The existence of the Armenian version of the text was known at least since 1890. However, it has not been subject to any extensive research and several questions can be raised about it. First of all, the JewsEast project aims to explore the kind of attitudes towards Jews that were channeled though translated literature, as mentioned above. A seventh-century treatise on the veneration of images by Vrt‘anēs K‘ert‘oł, as well as later refutations of an iconoclastic movement known as the Paulicians, indicate that the veneration of images was problematized in medieval Armenia. Against the traditional view that the Armenian church was tacitly iconoclastic, without having developed a highly refined theological stance on the issue like their peers in the Byzantine church, new art historical research has brought forth several important examples of Armenian churches decorated with frescoes, particularly in the seventh century, but also later. Yet, treatises on images in Armenian rarely bring forth the Jewish argument in connection with those against or for images. It is, thus, intriguing that a text such as the Icon of Beirut had enough potentially interested readership to be translated. However, the circumstances of its translation into Armenian are unexplored. The same can be said about the process and manuscript context of its transmission.
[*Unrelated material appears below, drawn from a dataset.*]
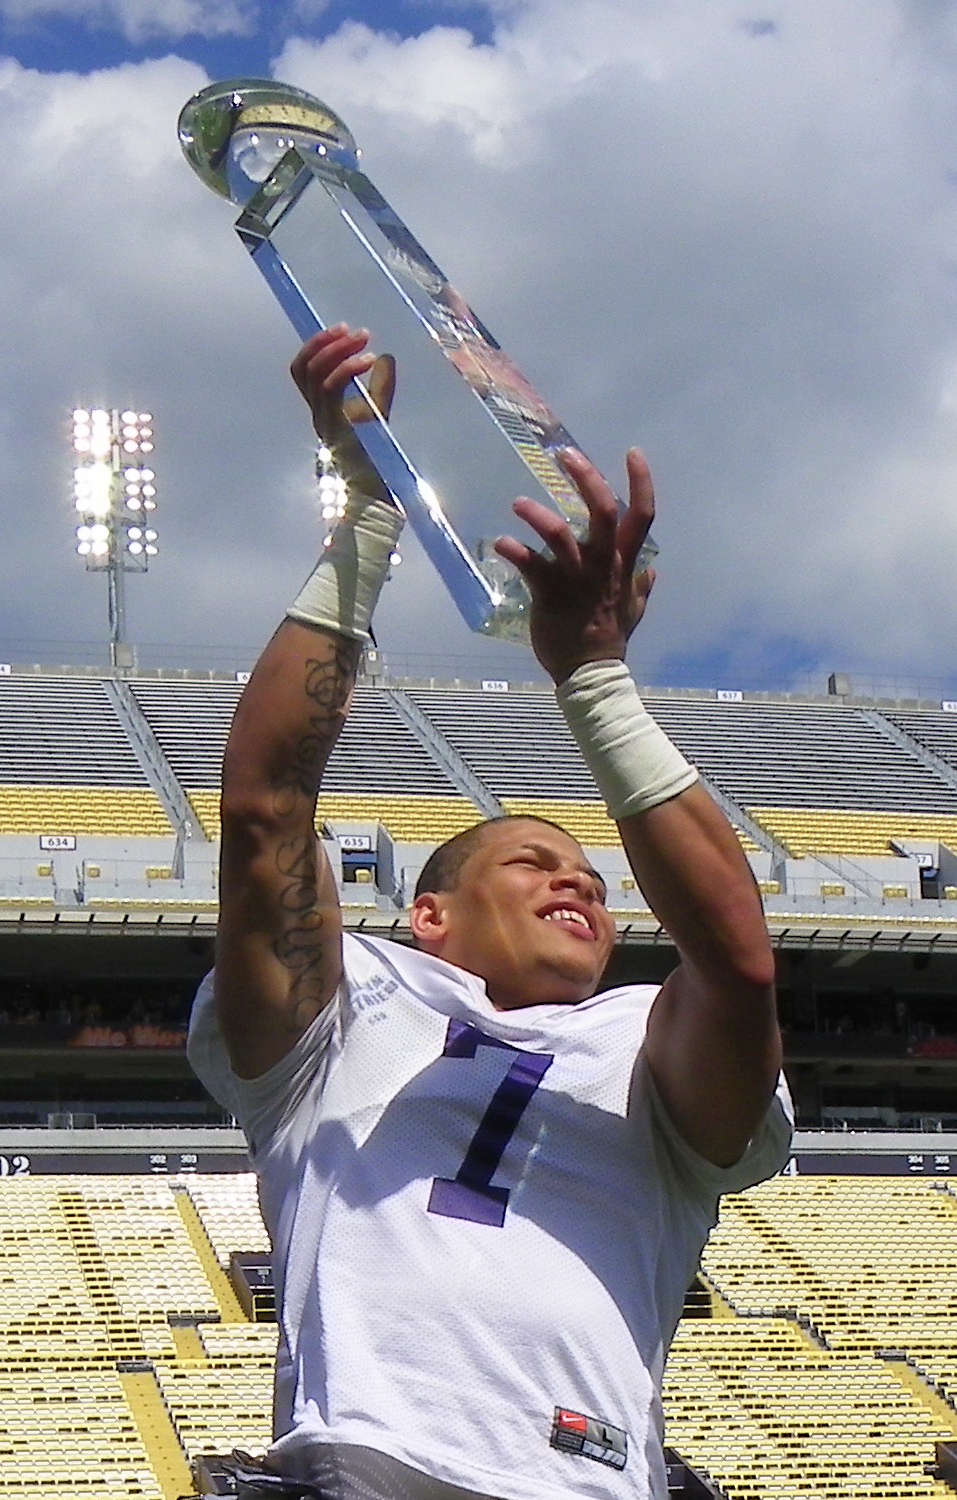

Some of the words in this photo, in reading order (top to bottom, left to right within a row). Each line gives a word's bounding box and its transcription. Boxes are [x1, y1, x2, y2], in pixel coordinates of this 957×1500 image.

[47, 837, 69, 847] 634
[344, 838, 364, 848] 635
[427, 1017, 555, 1228] 7
One of the purposes of such texts, was, of course, their function as edifying tales, for example in defense of the veneration of icons. This is even more evident with regards to the tale on the Bishop and the Jewish Woman which the patient reader will discover in my next entry.

More Questions for Future Research

A comparison with the Greek original of the Icon of Beirut will allow to place the Armenian version among the various recensions of the Greek or its presumed derivatives, such as Old Slavonic. Moreover, a transcription of possibly all manuscript versions and the clarification of the Armenian recensions themselves, including a further detailed study of the type of manuscripts and the corresponding recensions contained in each type, will allow us to appreciate the context of the text’s transmission and its uses with more precision. Lastly, it would be fruitful to explore if any other Armenian sources refer to the Icon of Beirut and, thus, evaluate the diffusion of this text in the Armenian tradition. While such work has been carried out for the Byzantine and Western European sources and the use of the Icon of Beirut for literary, polemical and ritual purposes has been clarified, adding the Armenian case and providing a wider comparative perspective will contribute to our general understanding of such “legendary” medieval texts, their diffusion and significance in different cultures. Closer to the goals of the JewsEast project, such an analysis will add to our understanding of how anti-Judaic texts were used in different contexts and if there were at all any differences in their employment from one geographical-cultural-linguistic realm to the other.